Listos, ya

Cuando todas las autonomías sean naciones sentidas por los ciudadanos, cuando todas tengan un plan de financiación propio y hayan cobrado la deuda histórica, ellas mismas, con su propios mecanismos, establecerán relaciones de bilateralidad con España.
Ésta es la consecuencia más clara del proceso seguido con Cataluña, que ahora parece llegar a puerto. Los últimos puntos que todavía quedan por definir se refieren a qué coño le llamamos España, cuál es su territorio, cuáles sus competencias y de dónde va a sacar el dinero para tanta fiesta.
Aun desconociendo al detalle lo acordado entre más y menos, las actuales nacionalidades no han dudado un instante en decir que ellos quieren lo mismo. Intuyen que también en su caso los resultados han de ser más y no menos. Es como si se hubiese abierto la ventanilla de los Reyes Magos, cerrada durante años por no tener una democracia avanzada: “Como he sido bueno, quiero que me dejen en los zapatos la Agencia Tributaria de Famobil, la Nación Mágica de Borrás, varias muñecas articuladas de Famosa y el Juego de las Fronteras Bilaterales de Lego. ¡Ah! Y la deuda. Besos”.
Lo de la deuda hay que decirlo como un latiguillo, por si cuela. Siempre hay piedras, trigo o pescado que se llevaron algún día, cuando no son toneladas de oro a la ruina montium, cinabrio a espuertas o magnesitas a raudales.

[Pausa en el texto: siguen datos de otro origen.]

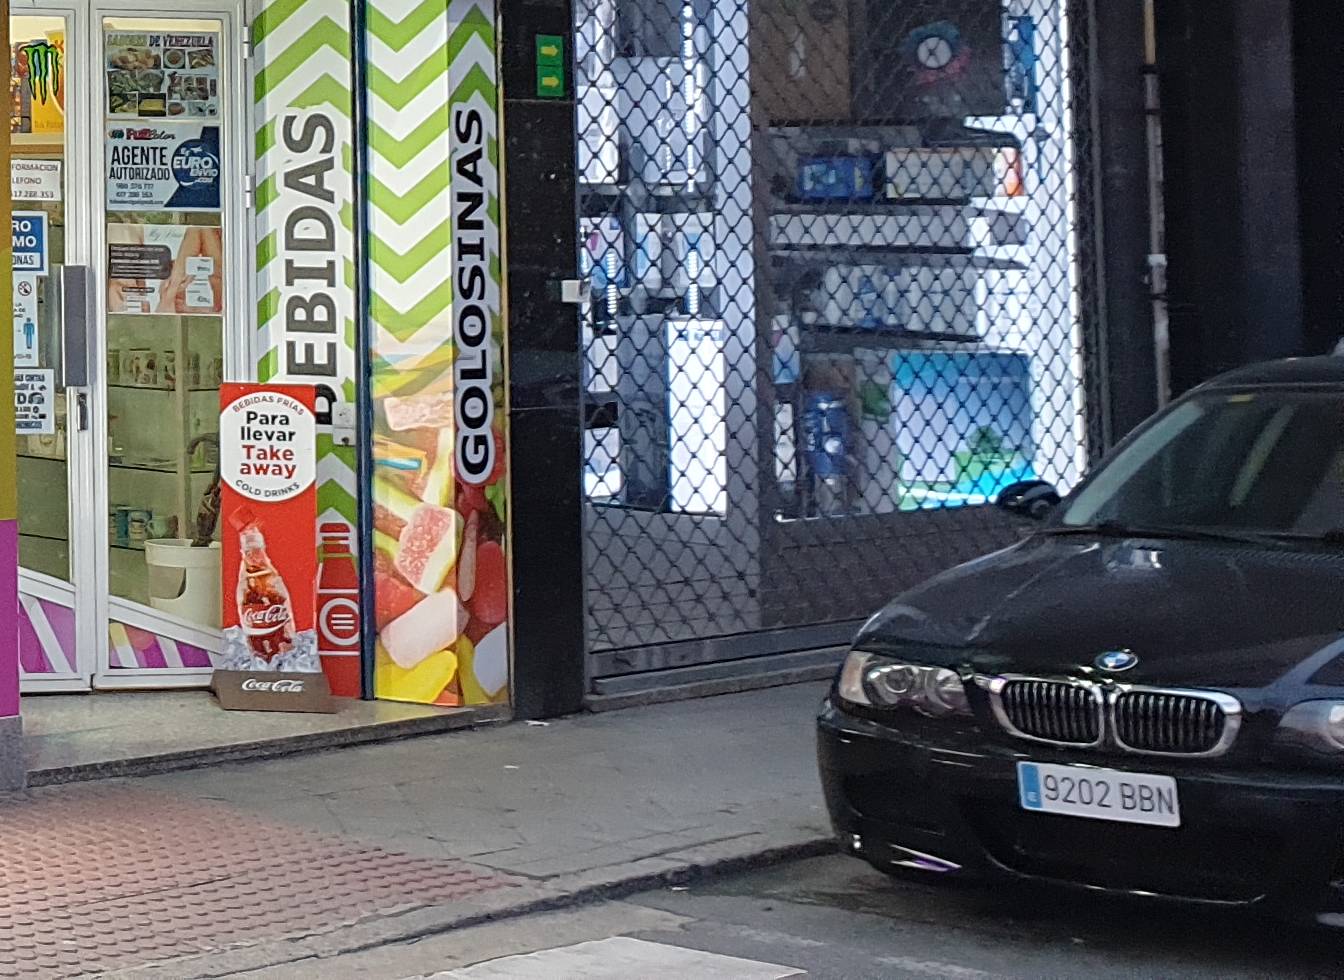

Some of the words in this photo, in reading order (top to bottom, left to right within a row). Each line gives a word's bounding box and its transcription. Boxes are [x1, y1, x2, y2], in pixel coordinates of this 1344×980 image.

[111, 146, 169, 166] AGENTE
[172, 156, 213, 169] EURO
[109, 166, 171, 181] AUTORIZADO
[455, 108, 490, 481] GOLOSINAS
[233, 395, 275, 413] BEBIDAS
[276, 397, 305, 416] FRÍAS
[246, 411, 290, 426] Para
[240, 426, 297, 442] llevar
[242, 444, 295, 461] Take
[239, 463, 297, 480] away
[235, 479, 262, 497] COLD
[264, 482, 301, 498] DRINKS
[1043, 773, 1113, 810] 9202
[1119, 782, 1177, 816] BBN
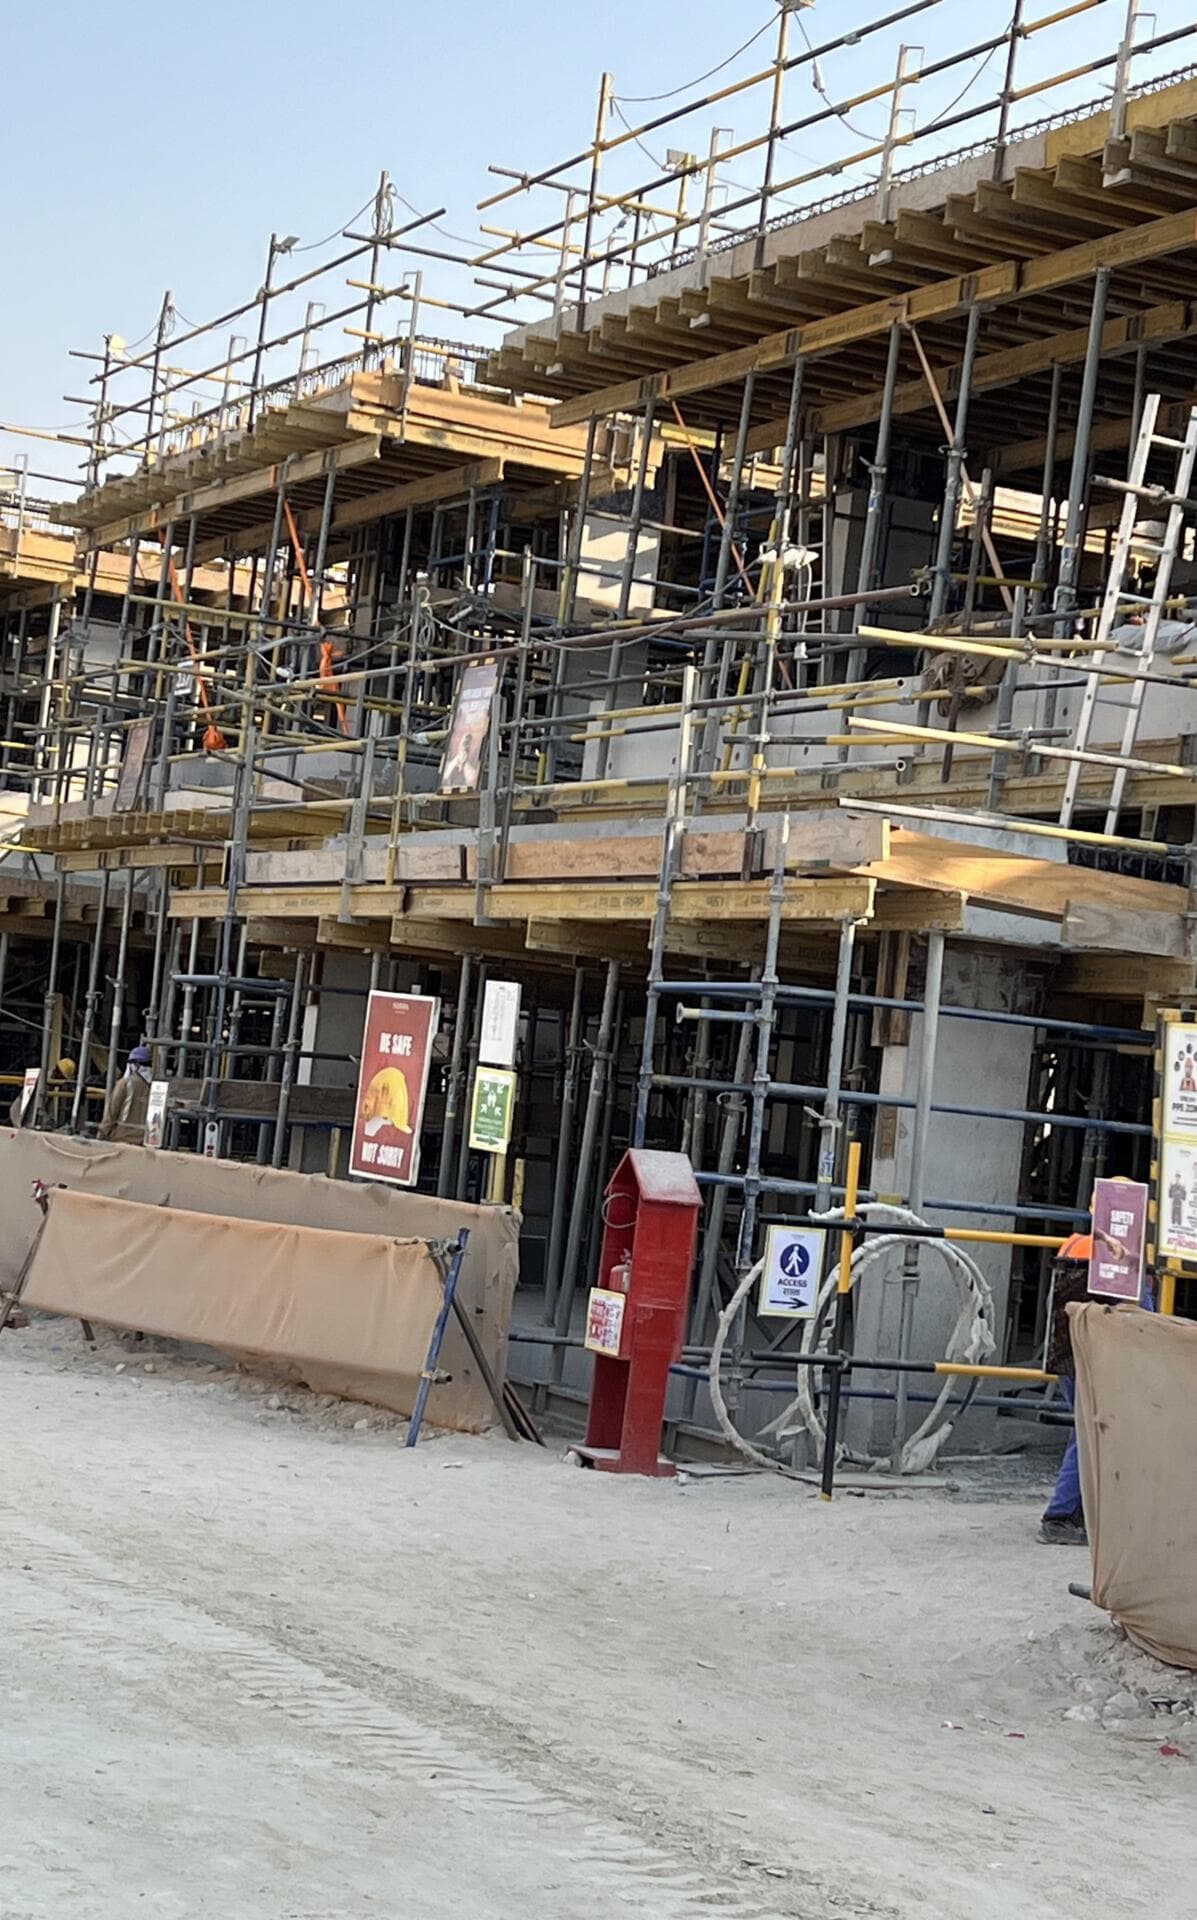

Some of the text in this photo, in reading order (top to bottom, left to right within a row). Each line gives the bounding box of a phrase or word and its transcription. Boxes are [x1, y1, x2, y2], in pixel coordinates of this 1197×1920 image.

[379, 1032, 413, 1056] BE SAFE
[361, 1141, 404, 1169] NOT SORRY
[777, 1278, 808, 1288] ACCESS
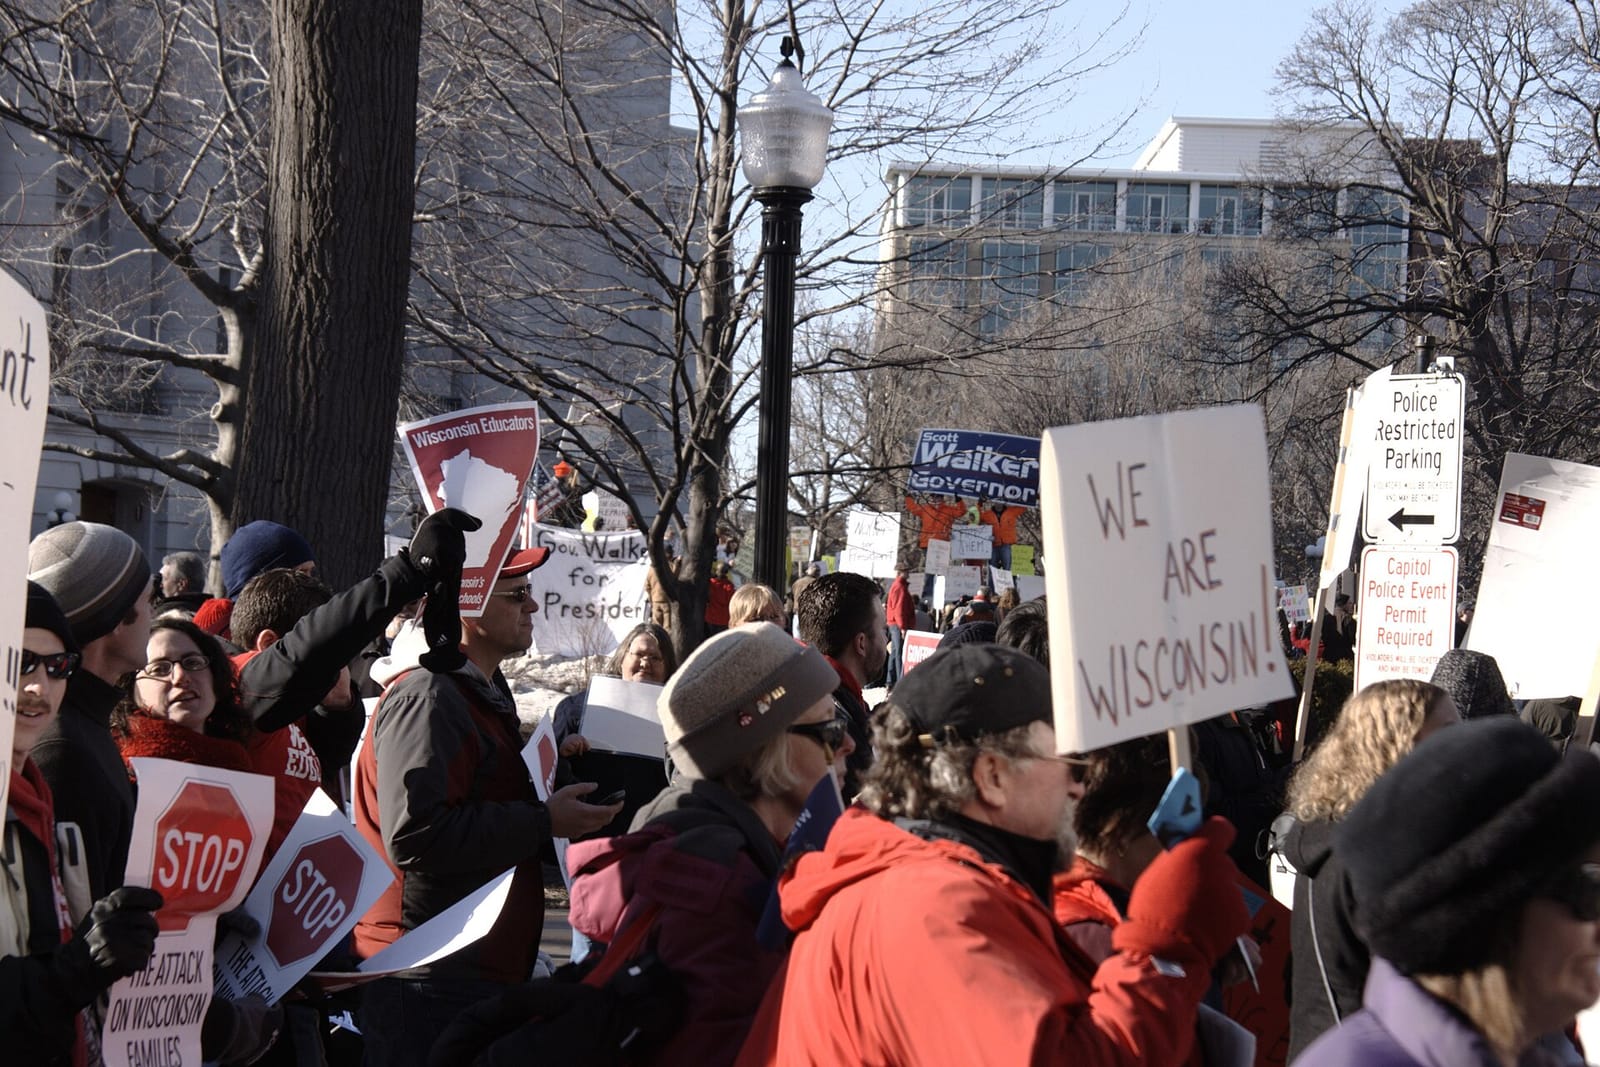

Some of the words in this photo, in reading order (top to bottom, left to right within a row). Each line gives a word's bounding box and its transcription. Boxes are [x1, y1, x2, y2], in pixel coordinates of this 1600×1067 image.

[0, 316, 35, 411] n't
[1393, 390, 1438, 413] Police
[412, 420, 480, 449] Wisconsin
[480, 415, 535, 434] Educators
[922, 432, 959, 443] Scott
[1375, 417, 1455, 441] Restricted
[920, 442, 1040, 479] Walker
[1385, 447, 1442, 476] Parking
[911, 470, 1036, 502] Governor
[1087, 461, 1150, 540] WE
[537, 529, 579, 557] Gov.
[581, 533, 648, 560] Walke
[568, 567, 609, 587] for
[1163, 528, 1223, 602] ARE
[1387, 557, 1431, 579] Capitol
[1368, 580, 1405, 599] Police
[1411, 580, 1447, 600] Event
[1385, 605, 1427, 624] Permit
[1078, 564, 1277, 727] WISCONSIN!
[1377, 627, 1433, 649] Required
[158, 828, 245, 893] STOP
[282, 858, 346, 940] STOP
[153, 950, 205, 987] ATTACK
[227, 941, 256, 980] THE
[110, 997, 132, 1034] ON
[131, 992, 208, 1031] WISCONSIN
[126, 1036, 182, 1067] FAMILIES
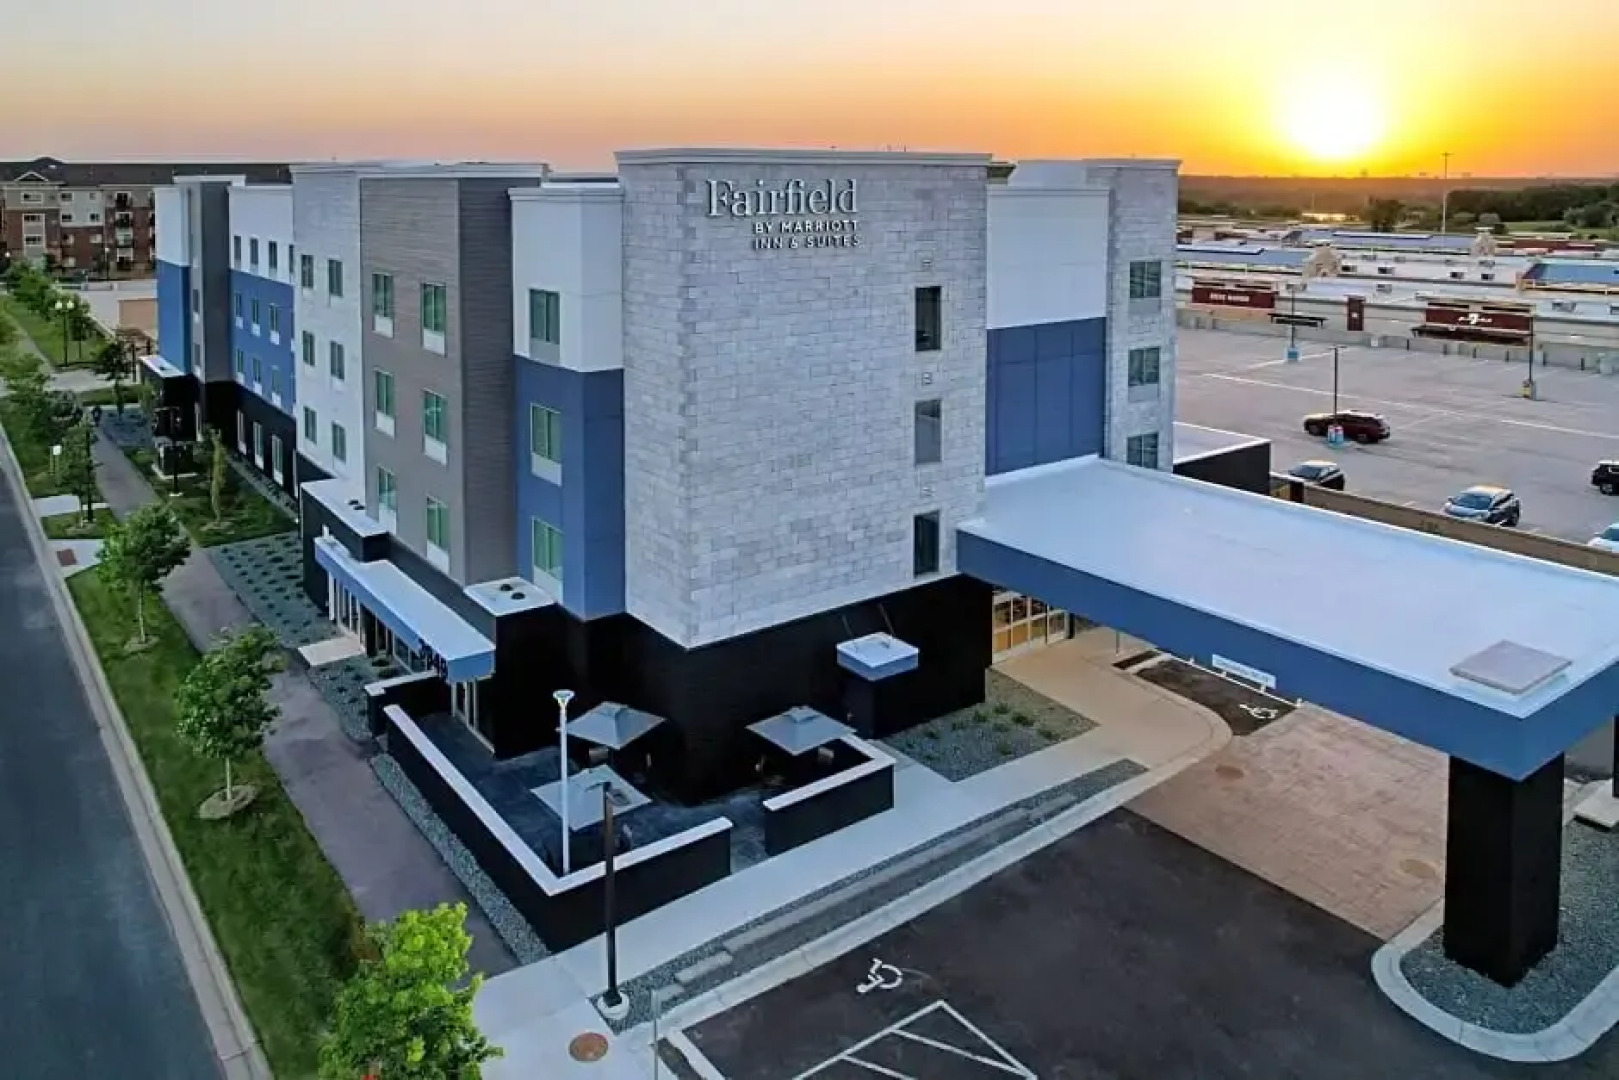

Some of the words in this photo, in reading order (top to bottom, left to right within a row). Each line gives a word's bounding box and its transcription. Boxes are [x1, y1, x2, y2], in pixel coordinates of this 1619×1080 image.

[706, 178, 859, 217] Fairfield
[755, 221, 773, 234] BY
[780, 219, 859, 234] MARRIOTT
[755, 237, 783, 250] INN
[790, 237, 799, 249] &
[806, 235, 861, 249] SUITES

Cumplidos todos los deseos, el problema va a estar en la organización de las relaciones bilaterales, porque si a un lado de la mesa se sientan las naciones, ¿quién se sienta enfrente? ¿El Rey? ¿Crearemos una Zarzuela D.F. para poder bilateralizarnos?
No sé. Faltan algunos detalles por concretar pero seguro que encontramos siete u ocho soluciones lingüísticas. A estas alturas no vamos a pelearnos por eso. Podría ser la España presentida, el espectro de íberos y celtas, o el Jardín de las Hespérides; algo que suene bien, pero que no comprometa a nada.